In summary, we describe CSF-persistent clonally related B cell populations as part of an overall complex picture of B cell relatedness over time and across compartments that appears at least partially independent of IMT initiation. We identified previously unknown patterns of B cell relatedness, including PB SM and USM B cells that may contribute to SM- and PC-rich CSF B cell repertoires and naive B cells that persist over time. Our findings raise the possibility that IMTs, which effectively reduce clinical and MRI relapses, may not sufficiently target CNS-compartmentalized immune mechanisms that have been associated with gradual and relapse-independent MS worsening in relapsing MS and progressive forms of the disease (48). Effective targeting of CNS-compartmentalized inflammation may, in the future, achieve efficacy in progression slowing superior to that of current therapies (2). Longitudinal immune repertoire studies performed alongside the clinical development of such potentially novel MS drugs may well provide critical immunological and biomarker evidence indicating the successful suppression or elimination of progression-driving mechanisms.
Experimental design. We hypothesized before initiating this study that in MS patients there would be a population of B cell clones that persist in the CSF over time. Inclusion criteria for this observational study were (a) enrollment in the UCSF Expression, Proteomics, Imaging, Clinical (EPIC) study (31), which is a longitudinal MS cohort that defines MS according to the 2001 McDonald criteria (49), and (b) CSF and PBMCs from biobanks from 2 time points (T1 and T2) taken a minimum of 9 months apart. All patients were treatment naive at T1. Patients either consented to donating excess CSF and blood during routine lumbar puncture (LP) at UCSF, or if an LP was not ordered by the treating physician, consented to undergo LP and blood draw for research purposes. Patient demographics and clinical history, including physical exam and EDSS scores, were also obtained as part of the EPIC study.

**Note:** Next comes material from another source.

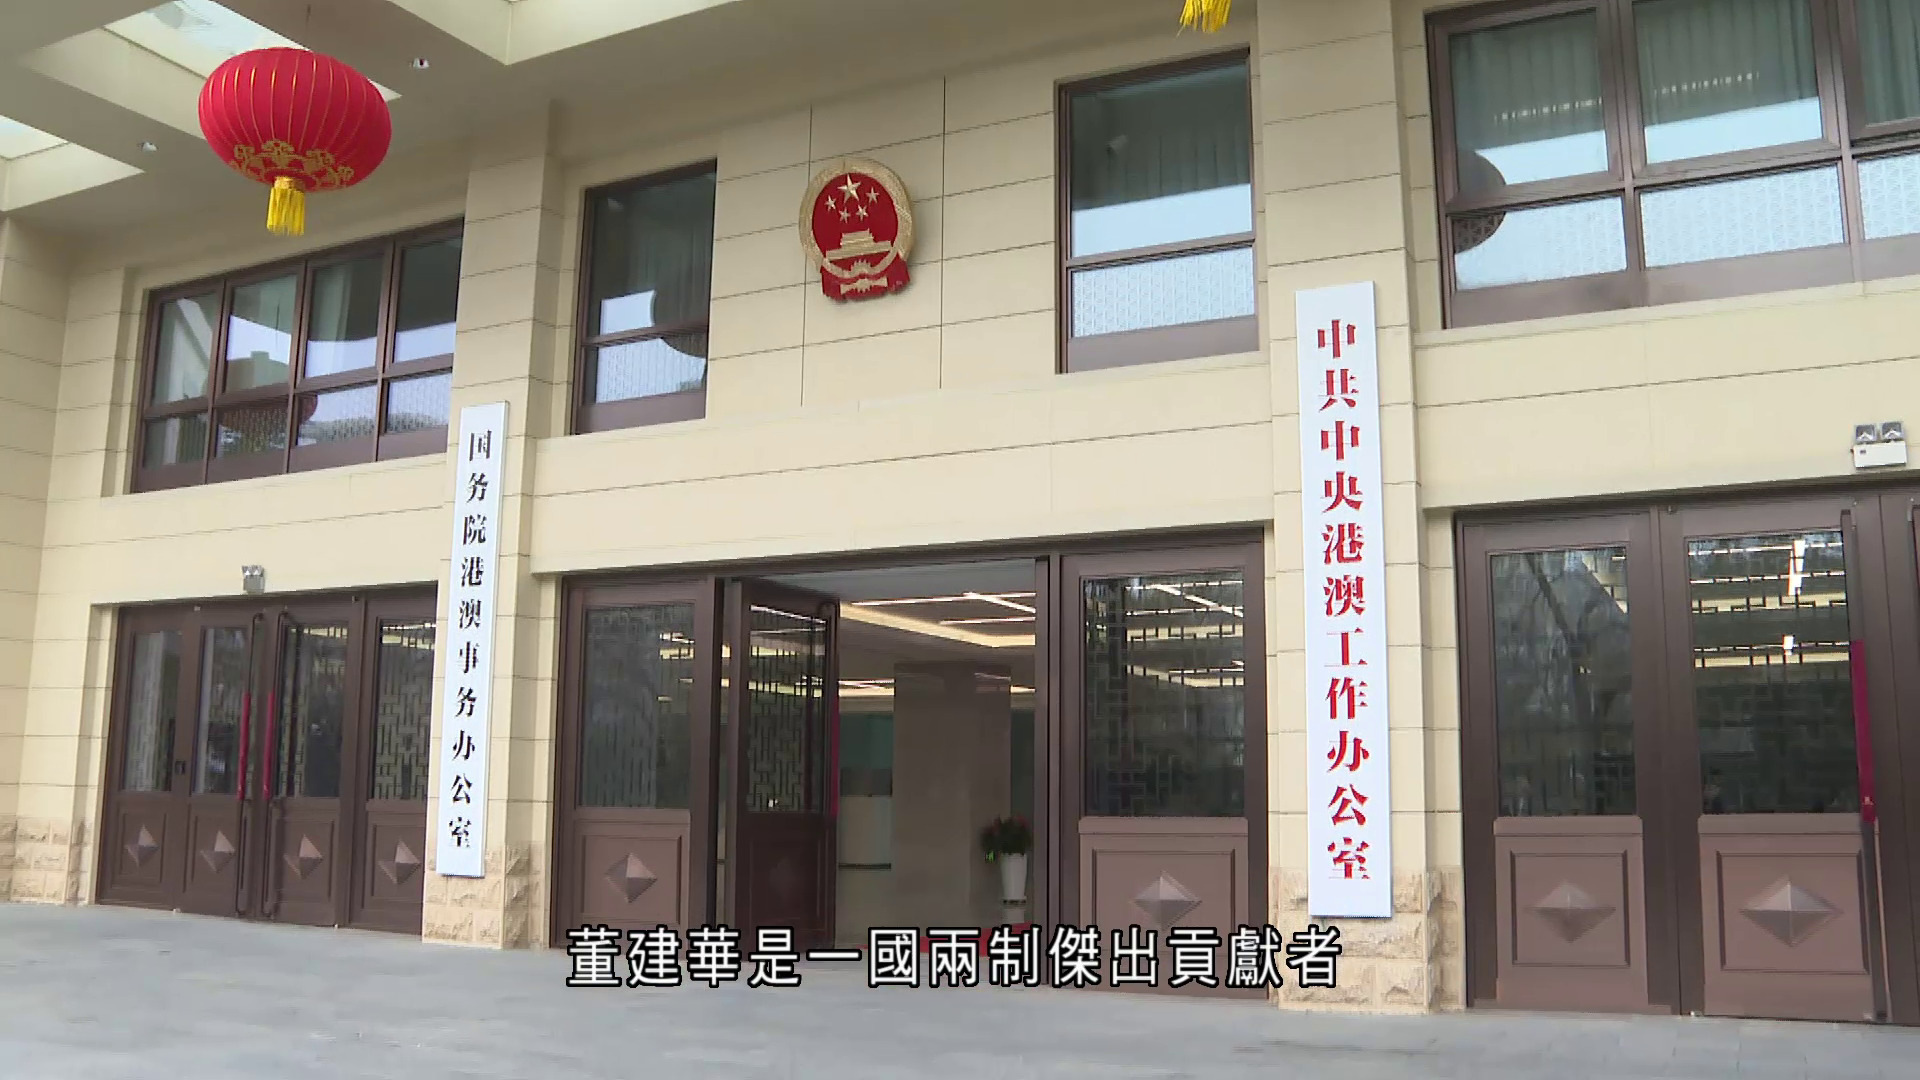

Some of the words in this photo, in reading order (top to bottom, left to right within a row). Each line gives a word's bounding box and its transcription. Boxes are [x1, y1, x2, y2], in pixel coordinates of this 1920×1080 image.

[448, 428, 492, 849] 国务院港澳事务办公室
[1317, 318, 1371, 880] 中共中央港澳工作办公室
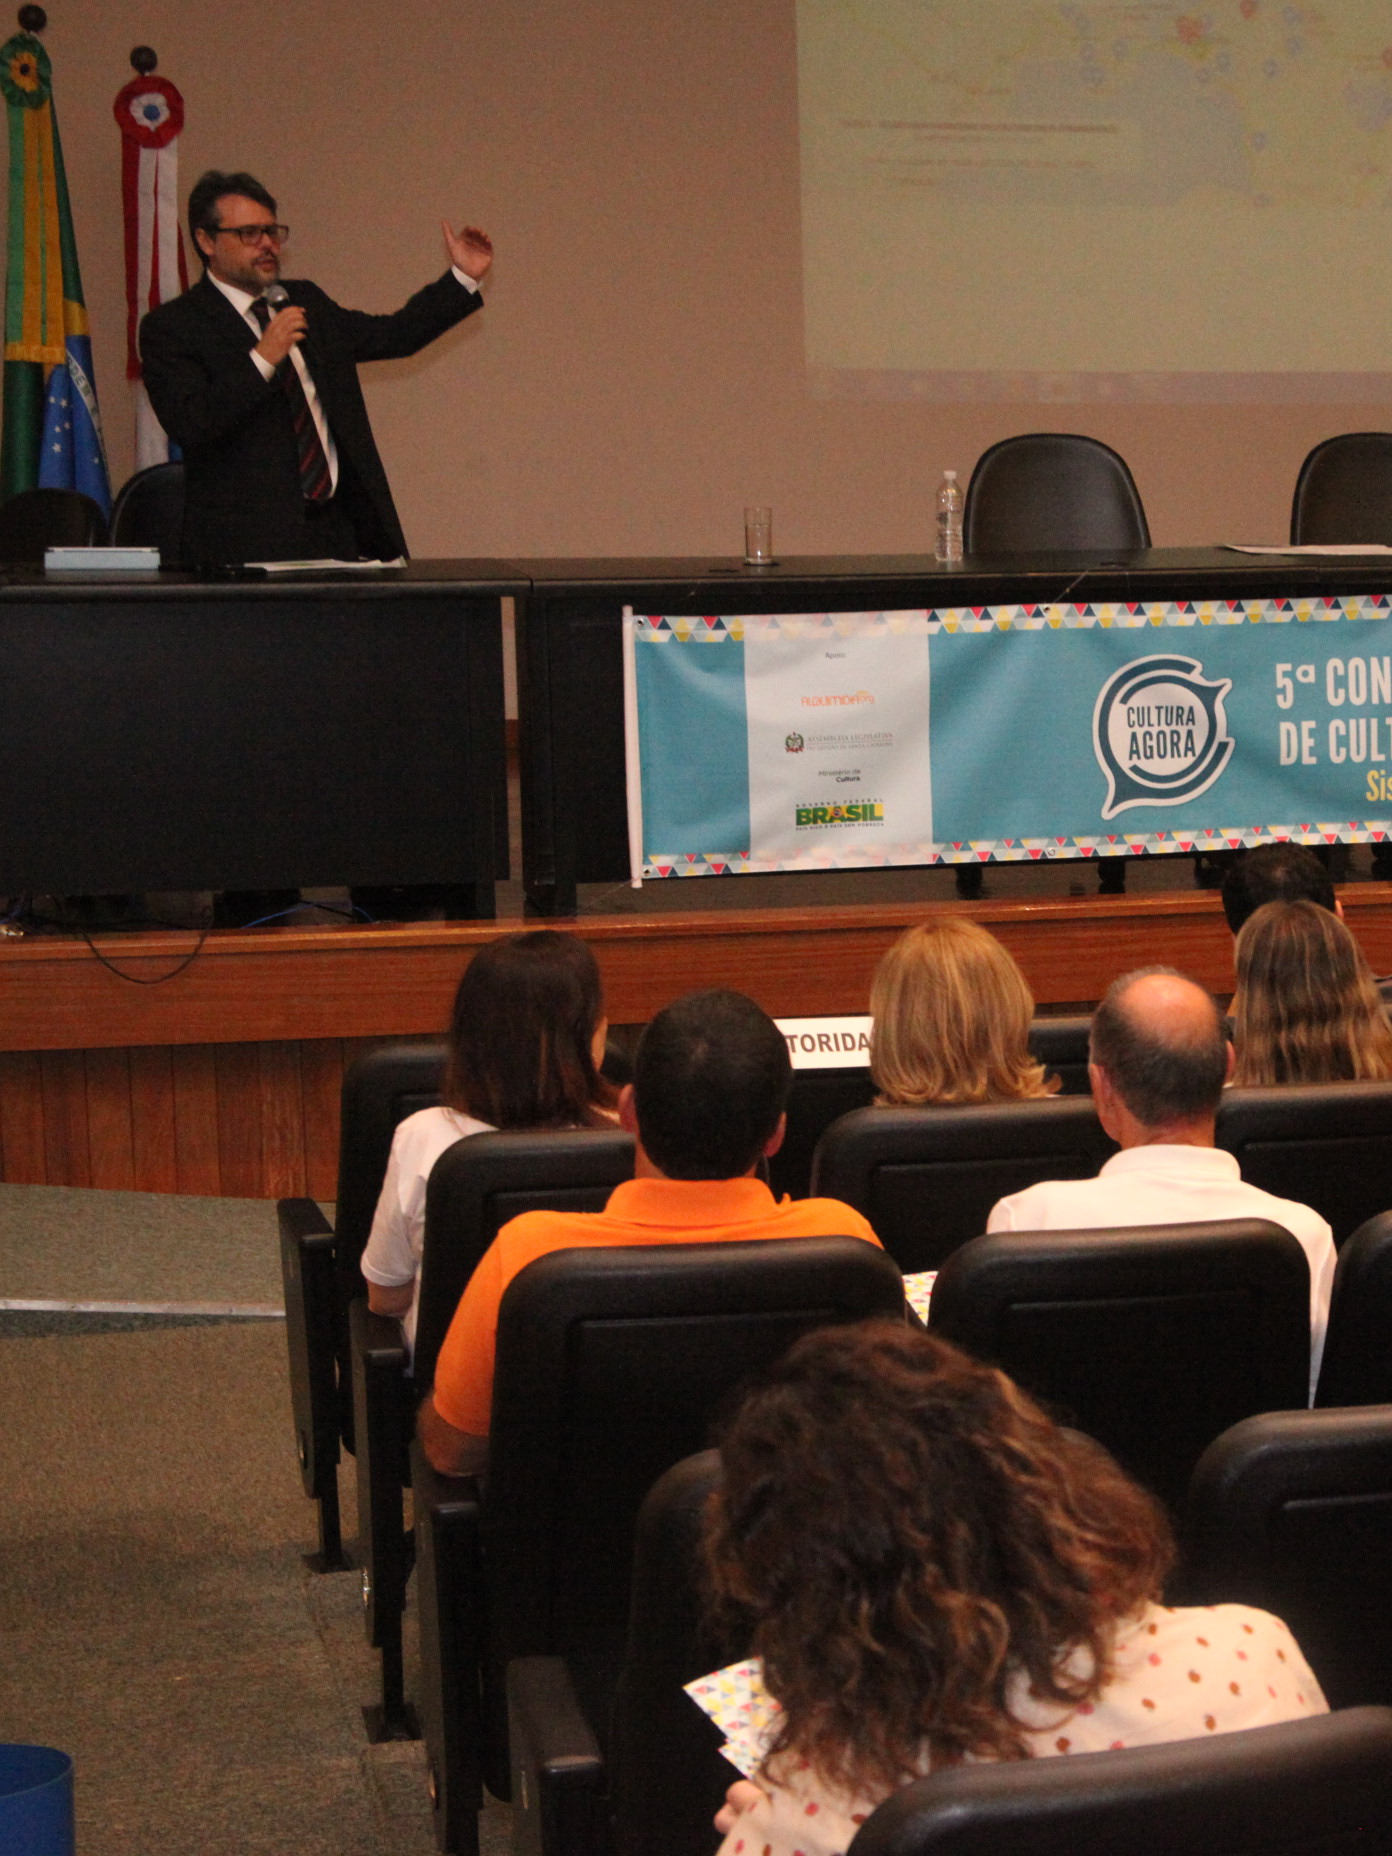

Sample collection and processing. We centrifuged 7-30 ml of fresh CSF at 400 g × 15 minutes at 4°C to separate a cell pellet from supernatant. PBMCs were isolated from whole blood via Ficoll gradient followed by red blood cell lysis and washing with PBS with 1% BSA. We stored 7 of 20 CSF samples and 1 of 20 PBMC samples at –80°C as unsorted cell pellets (Supplemental Table 3). The remaining CSF and PBMC samples were immediately blocked with FcR Blocking Reagent (Miltenyi Biotec) and stained with fluorescent antibodies to cell surface markers — CD19, CD27, CD38, CD138, and IgD (Supplemental Table 5); some samples were stained for additional immune cell markers for experiments outside the scope of this study (antibody panels listed in Supplemental Table 5 and Supplemental Table 6).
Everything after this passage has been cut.